> [What you are asked to do]: All lines below must be repeated exactly, with the pictures omitted.

> [Provided information]:
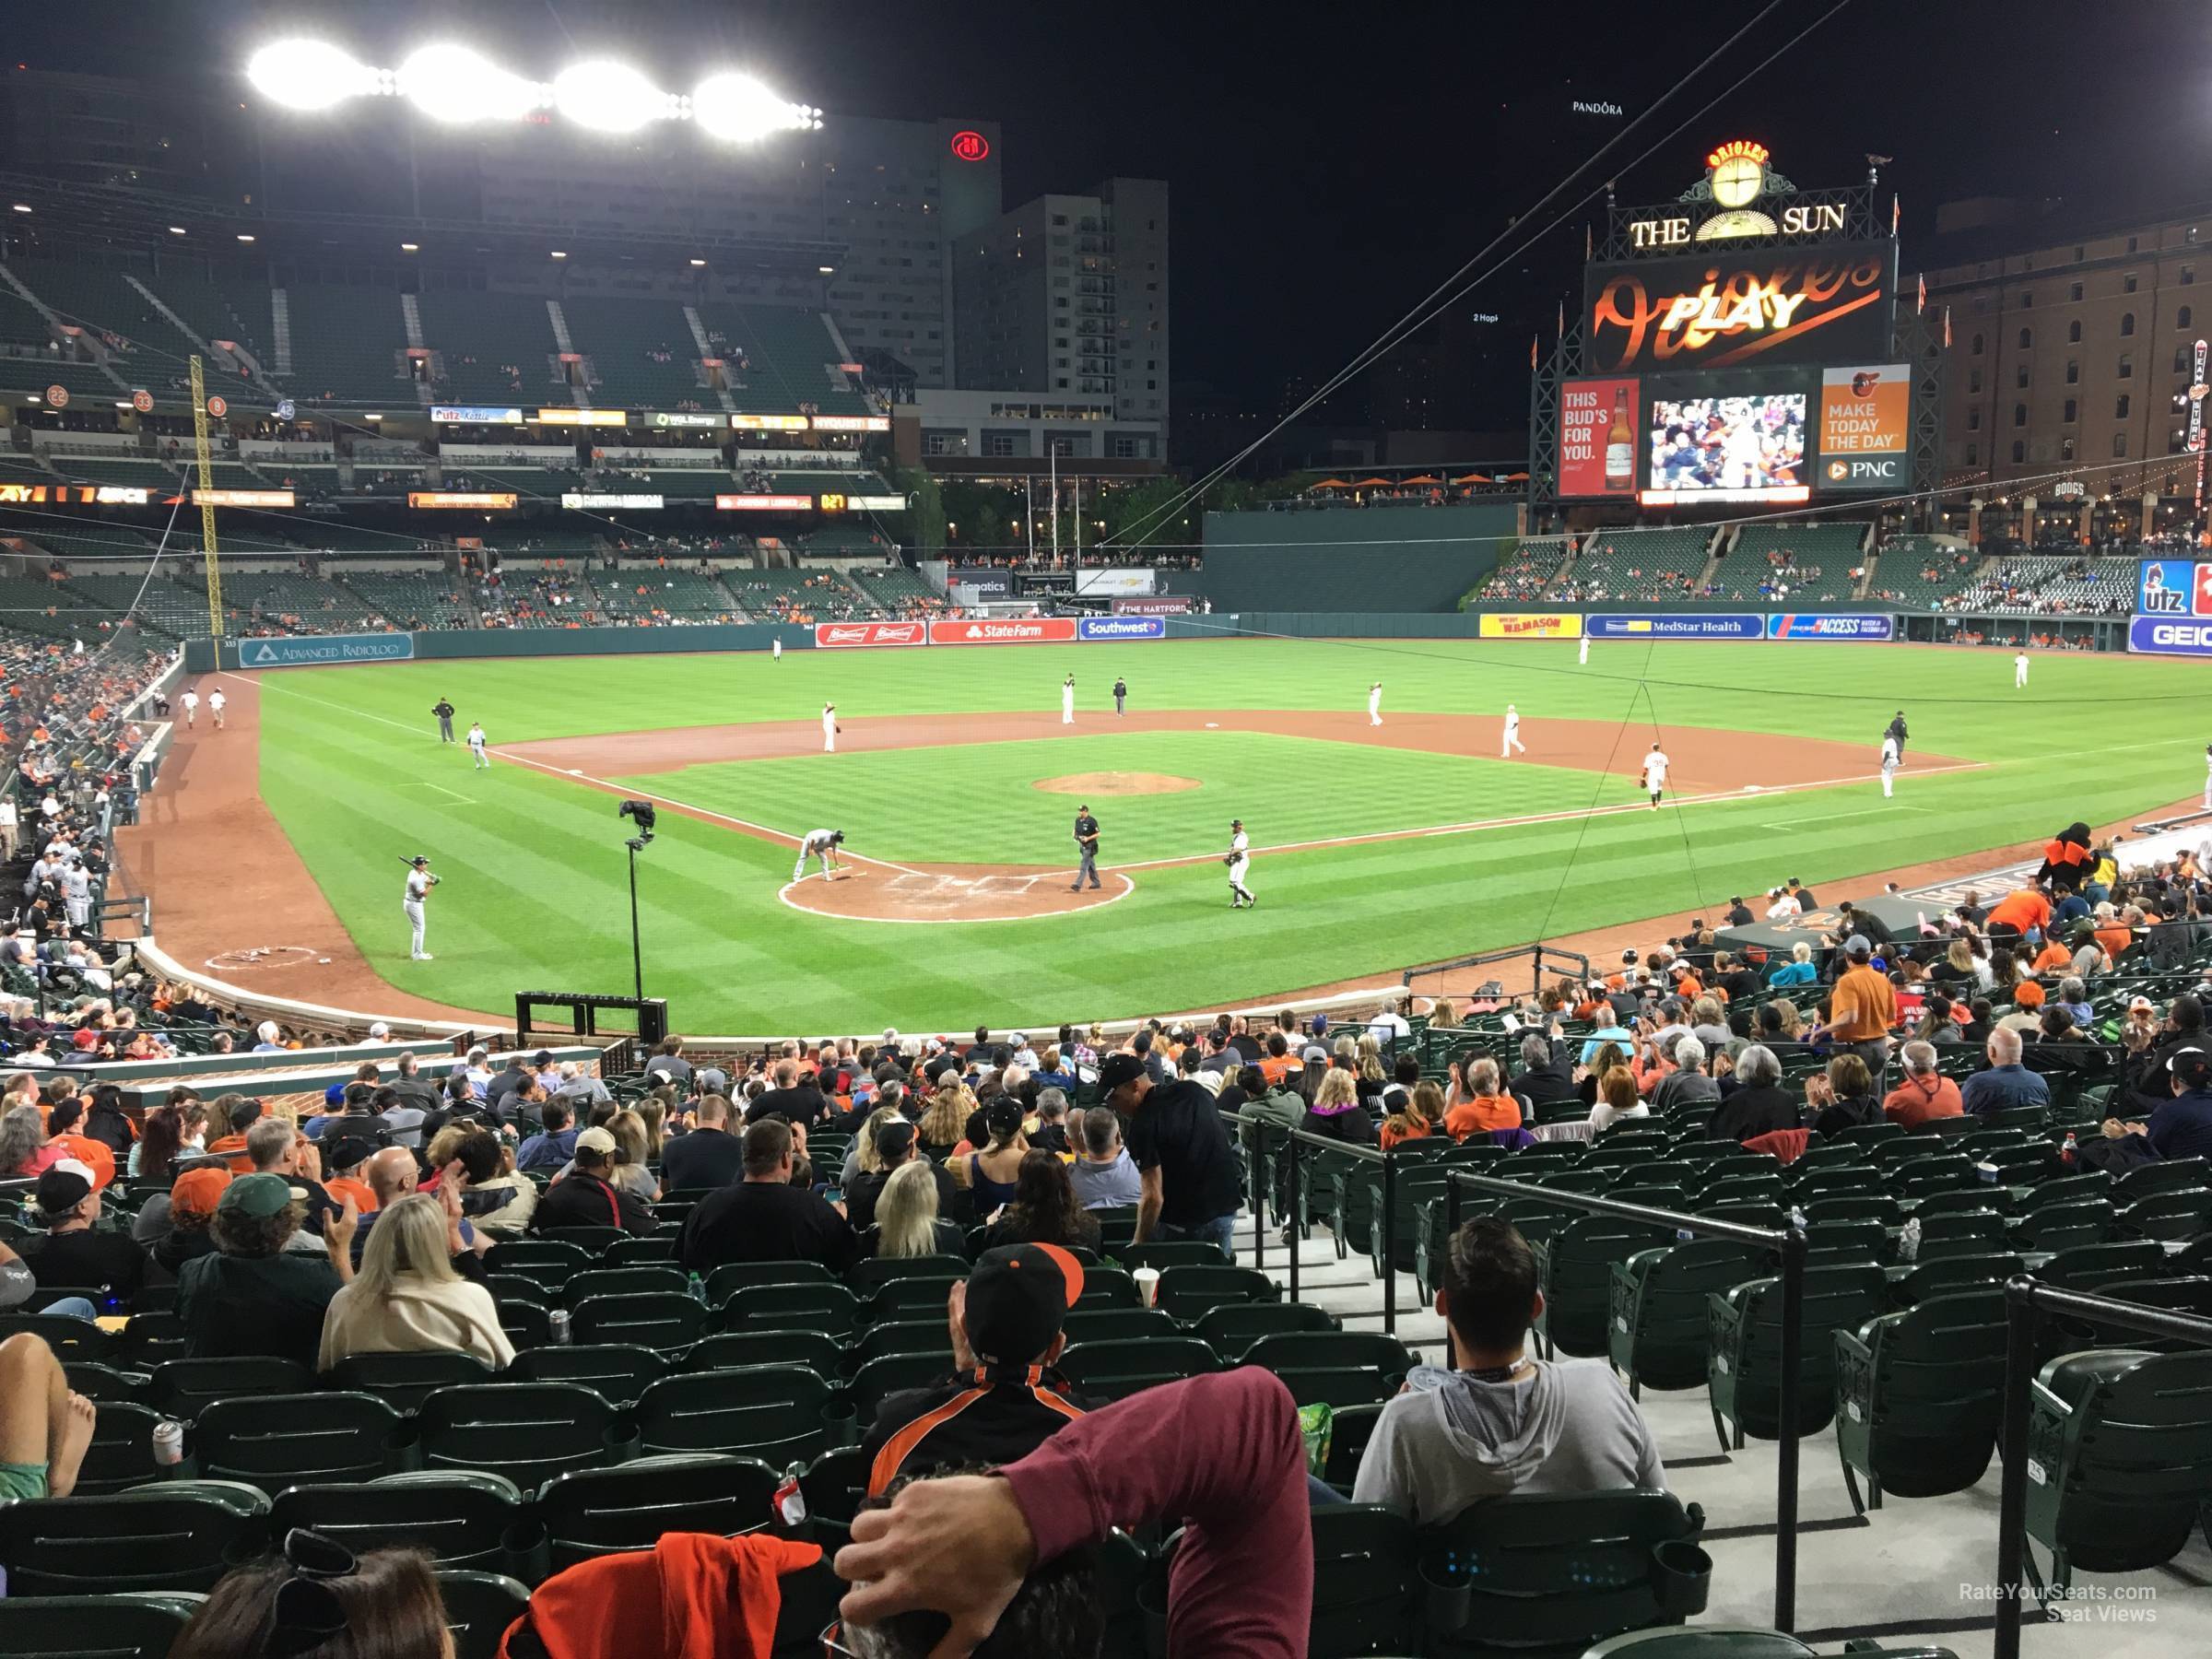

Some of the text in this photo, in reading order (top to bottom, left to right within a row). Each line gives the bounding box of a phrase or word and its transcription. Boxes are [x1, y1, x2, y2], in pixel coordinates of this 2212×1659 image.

[1709, 141, 1770, 167] ORIOLES
[1630, 204, 1846, 247] THE SUN
[1660, 292, 1808, 332] PLAY
[51, 391, 65, 401] 22
[138, 397, 150, 406] 33
[1565, 392, 1597, 407] THIS
[215, 402, 221, 411] 8
[280, 405, 292, 416] 42
[1829, 403, 1877, 418] MAKE
[1564, 409, 1607, 425] BUD'S
[2191, 402, 2201, 441] STORE
[1828, 418, 1880, 433] TODAY
[1564, 428, 1592, 442] FOR
[1827, 435, 1858, 450] THE
[1563, 444, 1595, 460] YOU.
[1851, 461, 1896, 477] PNC
[961, 581, 1006, 592] Fanatics
[1088, 621, 1149, 635] Southwest
[1653, 621, 1742, 631] MedStar Health
[1819, 618, 1860, 634] ACCESS
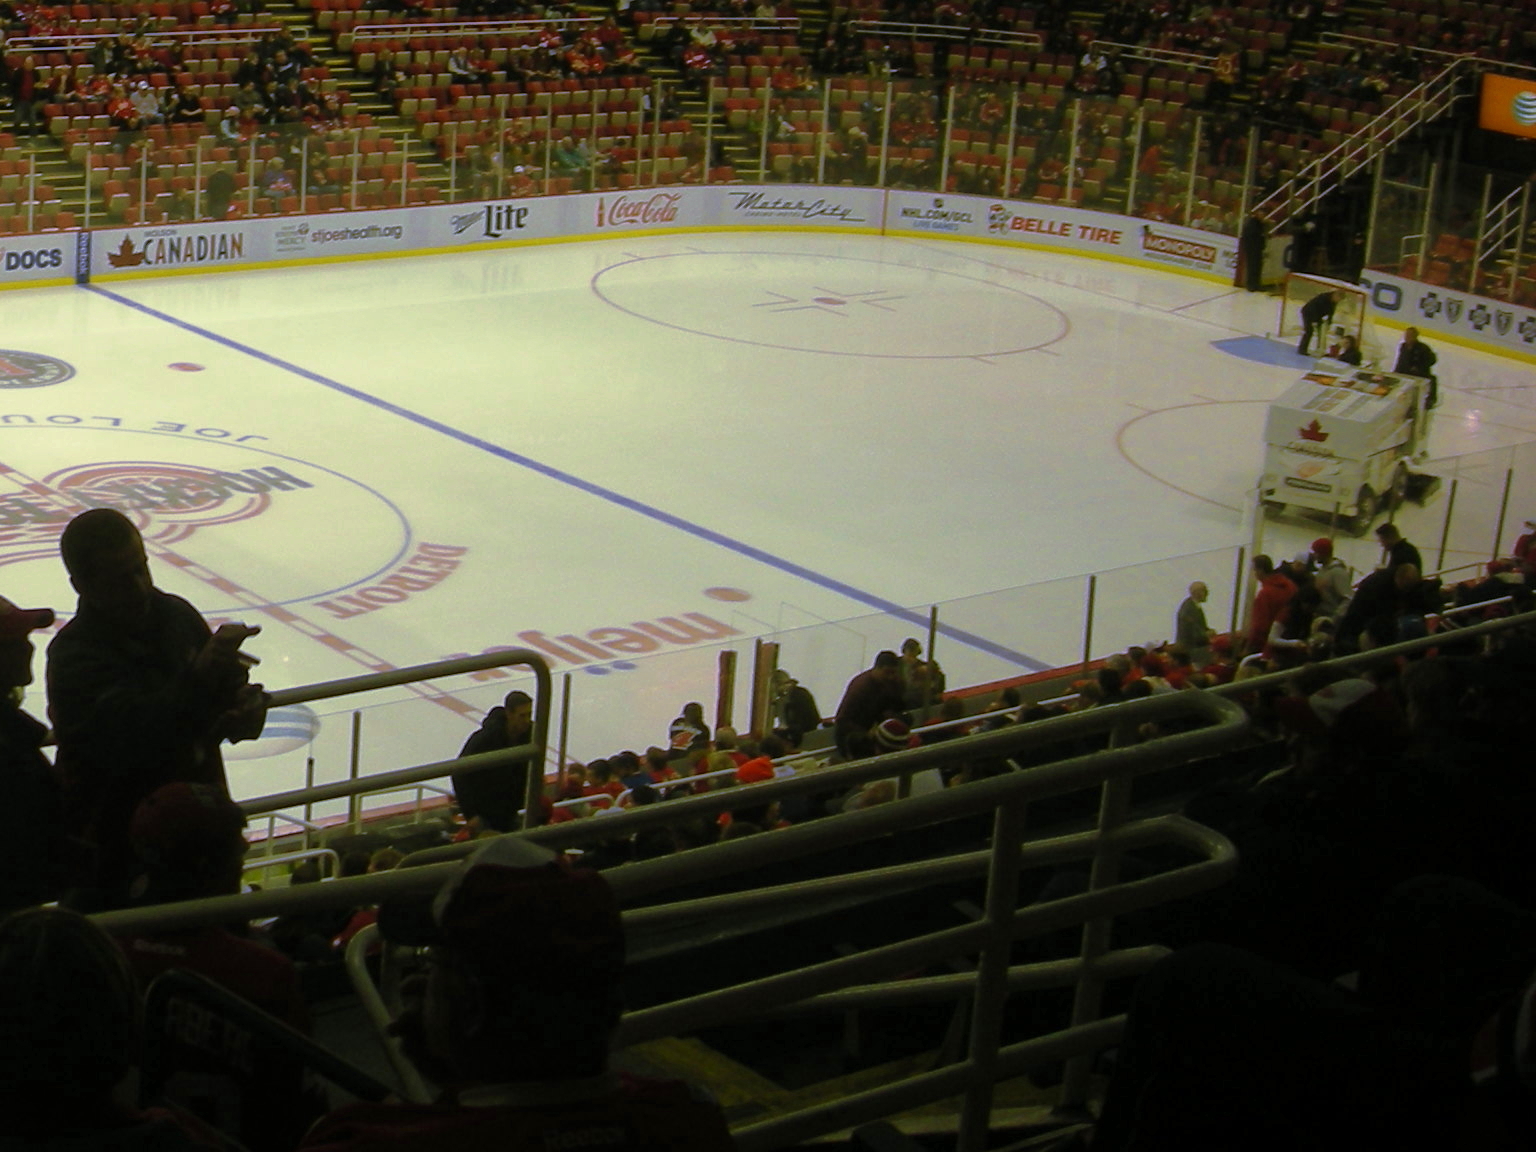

> [Answer to this problem]:
Some of the text in this photo, in reading order (top to bottom, left to right within a row). Each line gives the bounding box of a phrase or word and its transcription. Boxes are [x1, y1, x2, y2], in pixel coordinates of this 2212×1659 image.

[1709, 141, 1770, 167] ORIOLES
[1630, 204, 1846, 247] THE SUN
[1660, 292, 1808, 332] PLAY
[51, 391, 65, 401] 22
[138, 397, 150, 406] 33
[1565, 392, 1597, 407] THIS
[215, 402, 221, 411] 8
[280, 405, 292, 416] 42
[1829, 403, 1877, 418] MAKE
[1564, 409, 1607, 425] BUD'S
[2191, 402, 2201, 441] STORE
[1828, 418, 1880, 433] TODAY
[1564, 428, 1592, 442] FOR
[1827, 435, 1858, 450] THE
[1563, 444, 1595, 460] YOU.
[1851, 461, 1896, 477] PNC
[961, 581, 1006, 592] Fanatics
[1088, 621, 1149, 635] Southwest
[1653, 621, 1742, 631] MedStar Health
[1819, 618, 1860, 634] ACCESS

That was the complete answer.